- Task to carry out: Copy every line of the data exactly, leaving nothing out.

- Information:
▽
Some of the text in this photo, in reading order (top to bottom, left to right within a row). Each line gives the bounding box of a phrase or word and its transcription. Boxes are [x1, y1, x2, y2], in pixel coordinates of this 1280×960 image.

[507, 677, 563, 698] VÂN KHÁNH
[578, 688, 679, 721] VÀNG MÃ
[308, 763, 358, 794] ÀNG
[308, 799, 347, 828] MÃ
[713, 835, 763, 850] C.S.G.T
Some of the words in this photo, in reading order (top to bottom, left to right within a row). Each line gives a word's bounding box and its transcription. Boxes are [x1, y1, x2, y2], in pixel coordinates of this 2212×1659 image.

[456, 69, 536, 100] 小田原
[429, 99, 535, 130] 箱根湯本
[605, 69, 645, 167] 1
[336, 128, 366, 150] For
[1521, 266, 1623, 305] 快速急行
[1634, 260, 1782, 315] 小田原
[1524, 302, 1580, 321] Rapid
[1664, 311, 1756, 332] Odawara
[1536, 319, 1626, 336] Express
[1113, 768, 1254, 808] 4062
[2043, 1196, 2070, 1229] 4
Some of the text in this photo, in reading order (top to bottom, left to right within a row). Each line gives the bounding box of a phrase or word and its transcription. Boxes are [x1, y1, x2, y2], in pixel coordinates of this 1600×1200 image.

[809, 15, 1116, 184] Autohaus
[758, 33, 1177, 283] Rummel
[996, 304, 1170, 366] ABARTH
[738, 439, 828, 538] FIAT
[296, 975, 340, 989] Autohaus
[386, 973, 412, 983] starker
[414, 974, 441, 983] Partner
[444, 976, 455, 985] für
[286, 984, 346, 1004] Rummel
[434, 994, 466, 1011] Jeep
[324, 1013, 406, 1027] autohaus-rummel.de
△
- Written answer:
Some of the text in this photo, in reading order (top to bottom, left to right within a row). Each line gives the bounding box of a phrase or word and its transcription. Boxes are [x1, y1, x2, y2], in pixel coordinates of this 1280×960 image.

[507, 677, 563, 698] VÂN KHÁNH
[578, 688, 679, 721] VÀNG MÃ
[308, 763, 358, 794] ÀNG
[308, 799, 347, 828] MÃ
[713, 835, 763, 850] C.S.G.T
Some of the words in this photo, in reading order (top to bottom, left to right within a row). Each line gives a word's bounding box and its transcription. Boxes are [x1, y1, x2, y2], in pixel coordinates of this 2212×1659 image.

[456, 69, 536, 100] 小田原
[429, 99, 535, 130] 箱根湯本
[605, 69, 645, 167] 1
[336, 128, 366, 150] For
[1521, 266, 1623, 305] 快速急行
[1634, 260, 1782, 315] 小田原
[1524, 302, 1580, 321] Rapid
[1664, 311, 1756, 332] Odawara
[1536, 319, 1626, 336] Express
[1113, 768, 1254, 808] 4062
[2043, 1196, 2070, 1229] 4
Some of the text in this photo, in reading order (top to bottom, left to right within a row). Each line gives the bounding box of a phrase or word and its transcription. Boxes are [x1, y1, x2, y2], in pixel coordinates of this 1600×1200 image.

[809, 15, 1116, 184] Autohaus
[758, 33, 1177, 283] Rummel
[996, 304, 1170, 366] ABARTH
[738, 439, 828, 538] FIAT
[296, 975, 340, 989] Autohaus
[386, 973, 412, 983] starker
[414, 974, 441, 983] Partner
[444, 976, 455, 985] für
[286, 984, 346, 1004] Rummel
[434, 994, 466, 1011] Jeep
[324, 1013, 406, 1027] autohaus-rummel.de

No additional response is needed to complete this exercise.